NEW YORK (GenomeWeb) – A team of US researchers has sequenced the genome of the hookworm Ancylostoma ceylanicum and examined its transcriptome to uncover potential drug and vaccine targets.
Researchers led by the University of Massachusetts Medical School's Raffi Aroian sequenced the disease-causing parasite's 313-megabase genome and generated transcriptomic data from throughout its lifecycle, as they reported in Nature Genetics today. Using this data, Aroian and his colleagues identified various genes that are upregulated or downregulated at various points in the hookworm life cycle and uncovered possible targets for drug or vaccine development to treat or prevent hookworm disease.
"The sequencing of A. ceylanicum adds to a growing number of genomes for parasitic nematodes that, collectively, infect over 1 billion humans," Aroian and his colleagues wrote in their paper. "Practically, these genomes will be crucial for inventing new drugs and vaccines against nematodes that rapidly evolve drug resistance and that have been parasitizing vertebrates since the Cretaceous."
Each year, hookworms themselves infect more than 400 million people worldwide, leading to anemia and malnutrition, especially in impoverished rural regions.
As A. ceylanicum can be maintained in golden hamsters in the lab, the researchers selected it as a model for Necator americanus and A. duodenale, the two hookworm species that cause most human infections.
Aroian and his colleagues sequenced and assembled the 313-megabase genome, which they predicted to contain nearly 27,000 protein-coding genes with products larger than 100 residues and some 10,000 genes with smaller products. Much of the A. ceylanicum genome — about 40 percent — was repetitive, they noted.
The researchers also performed RNA-seq on samples they collected from throughout the hookworm's lifecycle from free-living larvae to parasitic adult to trace when certain genes were switched on or off.

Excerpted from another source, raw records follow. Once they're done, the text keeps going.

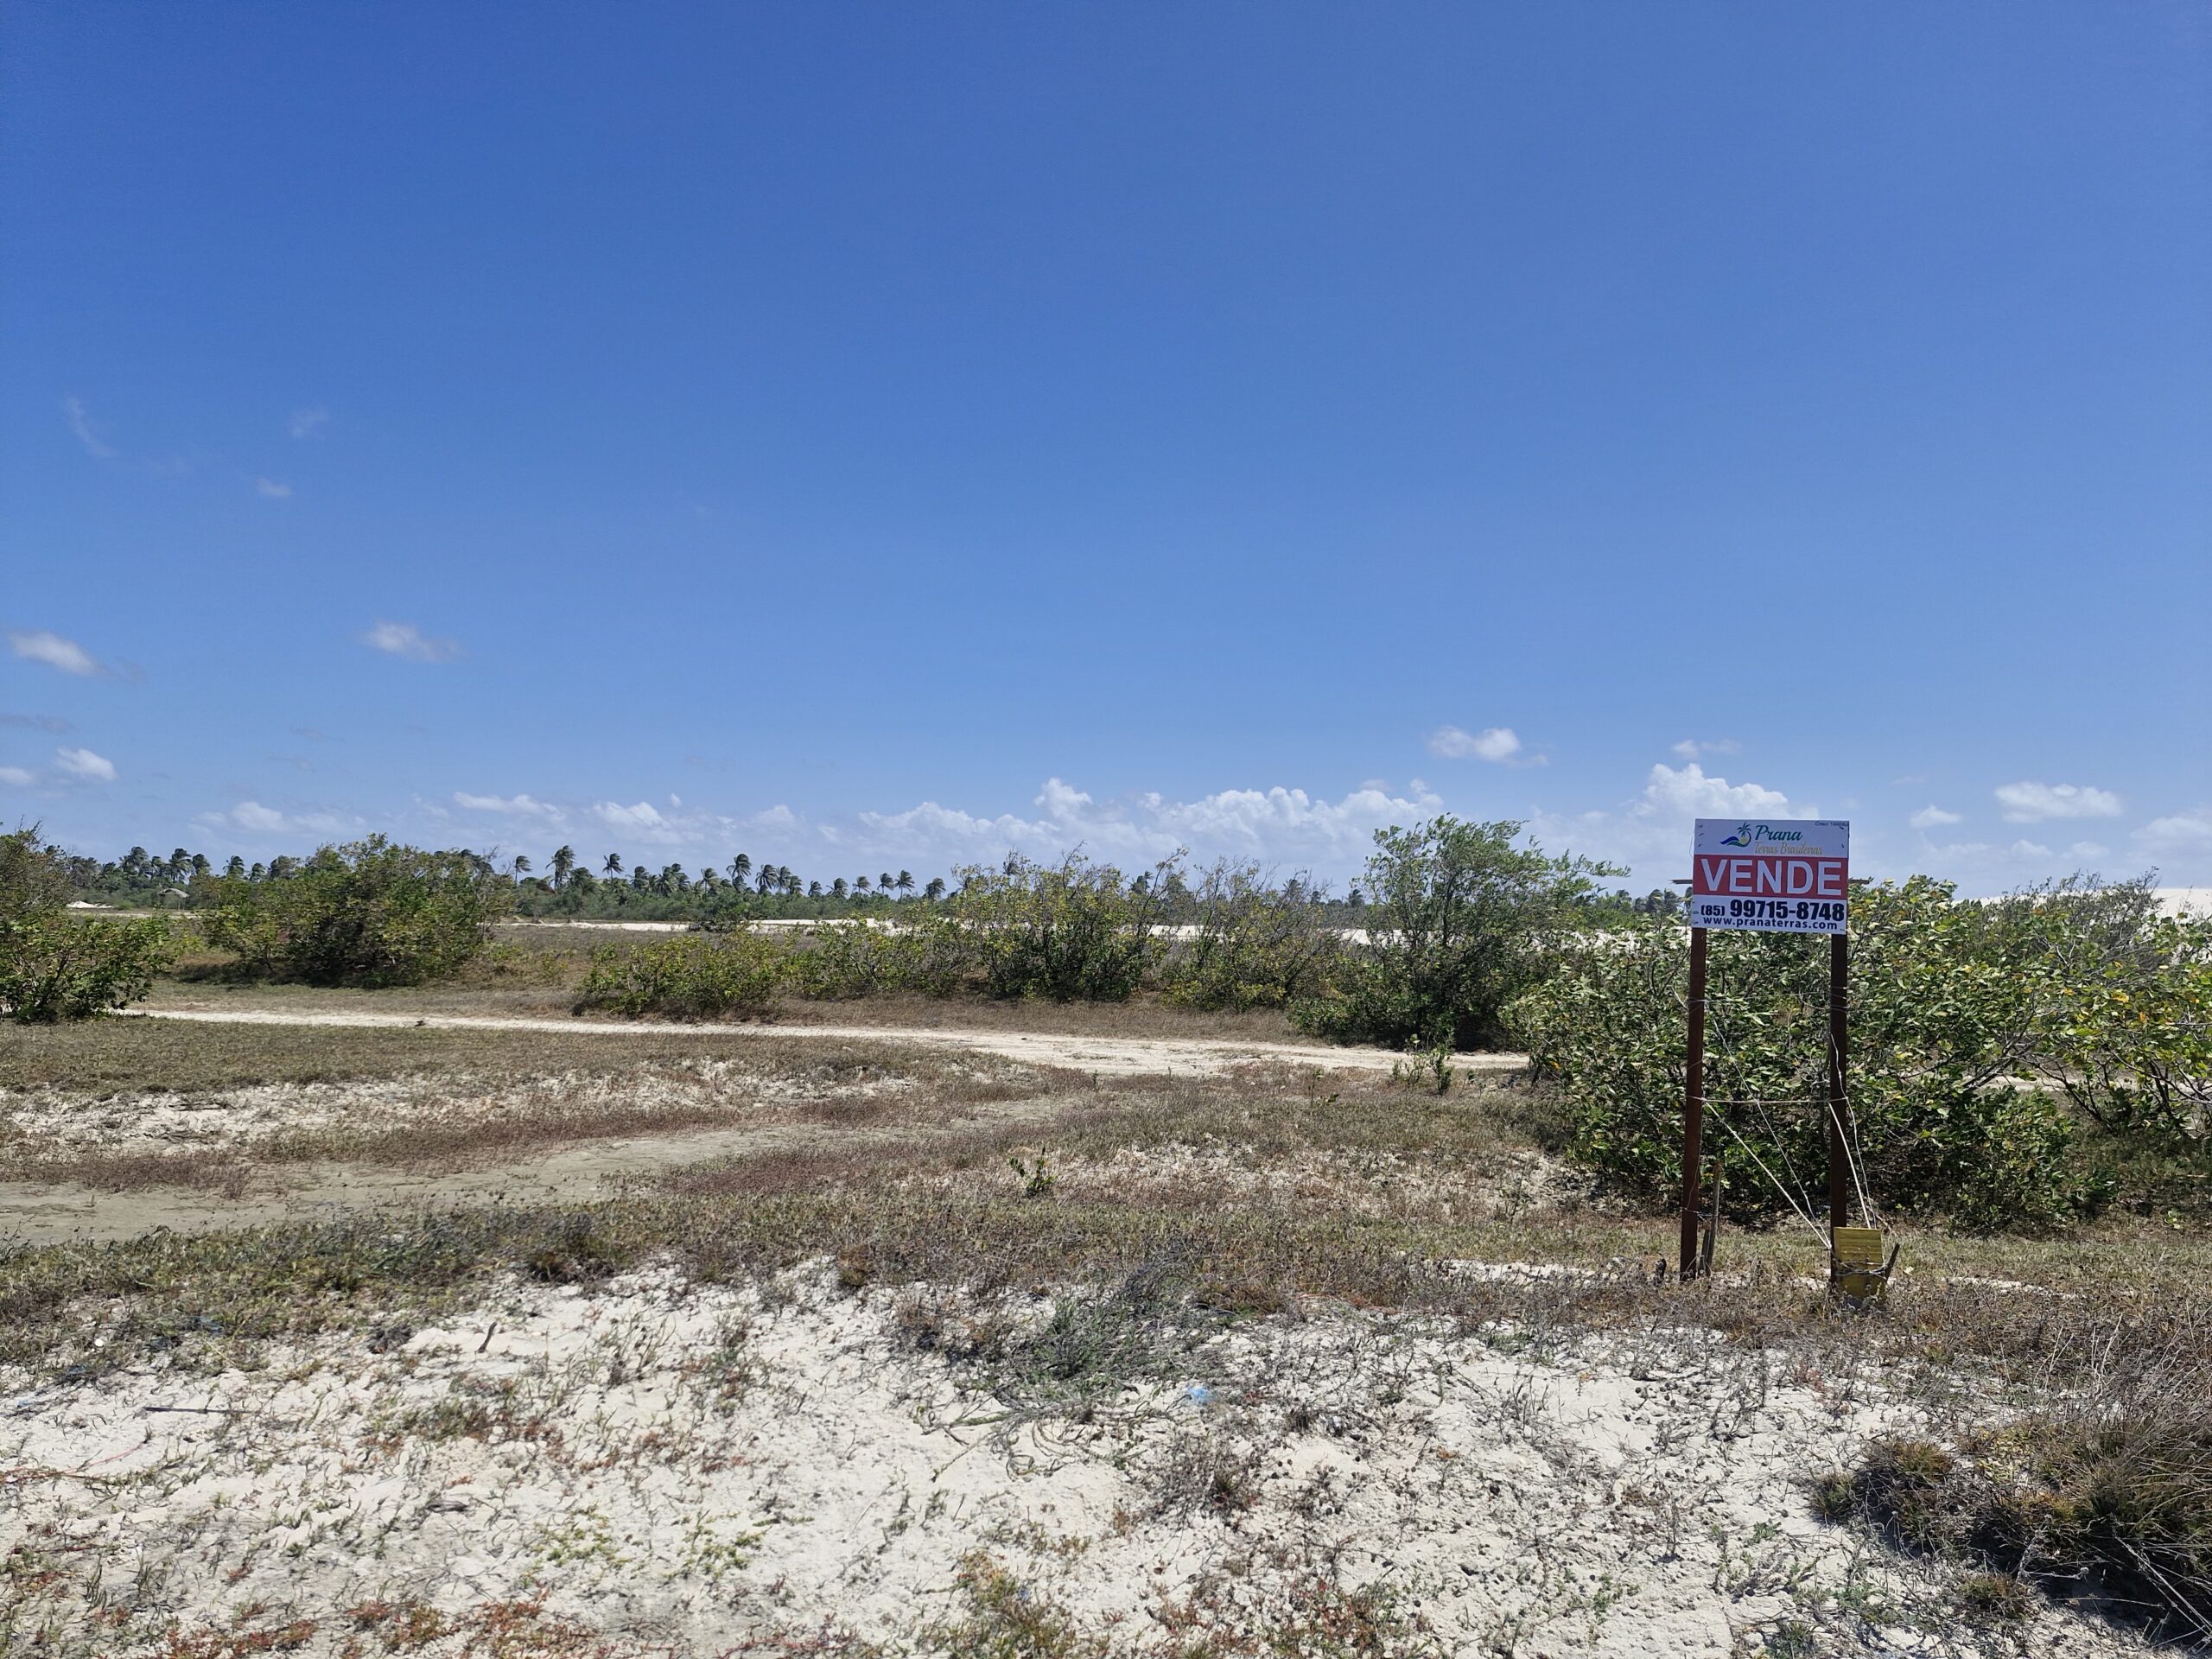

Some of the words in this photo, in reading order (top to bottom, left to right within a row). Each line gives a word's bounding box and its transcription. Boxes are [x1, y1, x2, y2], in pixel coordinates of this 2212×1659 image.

[1755, 824, 1803, 841] Prana
[1755, 841, 1777, 854] Terras
[1700, 858, 1842, 896] VENDE
[1700, 905, 1726, 917] (85)
[1730, 899, 1845, 922] 99715-8748
[1703, 916, 1838, 930] www.pranaterras.com

For instance, they reported that 942 genes were significantly upregulated in vivo during the third larval stage some 24 hours after infection, including a number of proteases, protease inhibitors, and nucleases. Proteases and protease inhibitors, they said, are also upregulated at this time point in other hookworms like N. americanus. The researchers suggested the proteases might enable the parasite to digest and inactivate host immune proteins, while the protease inhibitors could also help suppress the host immune system.

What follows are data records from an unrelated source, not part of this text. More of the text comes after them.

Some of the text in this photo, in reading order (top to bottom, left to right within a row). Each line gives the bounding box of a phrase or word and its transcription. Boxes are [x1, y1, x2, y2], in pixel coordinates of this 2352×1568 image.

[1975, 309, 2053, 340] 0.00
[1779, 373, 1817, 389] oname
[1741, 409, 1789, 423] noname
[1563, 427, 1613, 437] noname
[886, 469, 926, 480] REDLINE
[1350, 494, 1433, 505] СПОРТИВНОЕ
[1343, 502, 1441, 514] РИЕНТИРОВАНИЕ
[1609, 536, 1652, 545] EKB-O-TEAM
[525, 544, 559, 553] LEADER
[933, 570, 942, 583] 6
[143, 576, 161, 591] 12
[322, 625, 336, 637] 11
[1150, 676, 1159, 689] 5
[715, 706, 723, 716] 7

While a number of the gene families upregulated during parasitic infection were already known from other parasitic nematodes, the researchers also uncovered a number of novel families.
They dubbed one such family ASP-related (ASPR) because they appeared to be distantly related to the ASP family that encodes secreted cysteine-rich proteins. The researchers hypothesized that proteins from this novel family could be an important aspect of hookworm infection in vivo.
Another novel family they called strongylids L4 proteins (SL4P) was upregulated at the start of parasitic feedingas the larvae molted into L4 larvae and differentiated sexually.They noted 24 SL4P genes encoding proteins of about 200 residues in length, 21 of which were predicted to be non-classically secreted, meaning they lacked a leader sequence. Parasitic nematodes, the researchers noted, often use such non-classical secretion to export proteins into their hosts.
To uncover possible drug targets, Aroian and his colleagues searched the A. ceylanicum genome for genes conserved across various parasites — but lacking in their mammalian hosts — that they might need to survive. Based on this, the researchers identified 72 possible targets, including the gene that encodes trehalose-6-phosphatase.
The investigators also looked for vaccine targets and focused on proteases and protease inhibitors that are exposed to the host immune systems, finding 12 cathepsin B-like protease genes and a novel protease inhibitor. The novel protease inhibitor, the researchers noted, had consistent strong expression and has a Haemonchus contortus homolog that's upregulated during infection.
"Treatments effective against A. ceylanicum might … also prove useful against other strongylids, such as Haemonchus contortus, that infect farm animals and depress agricultural productivity," the researchers said. "Characterizing the genome and transcriptome of A. ceylanicum is a key step toward such comparative analysis."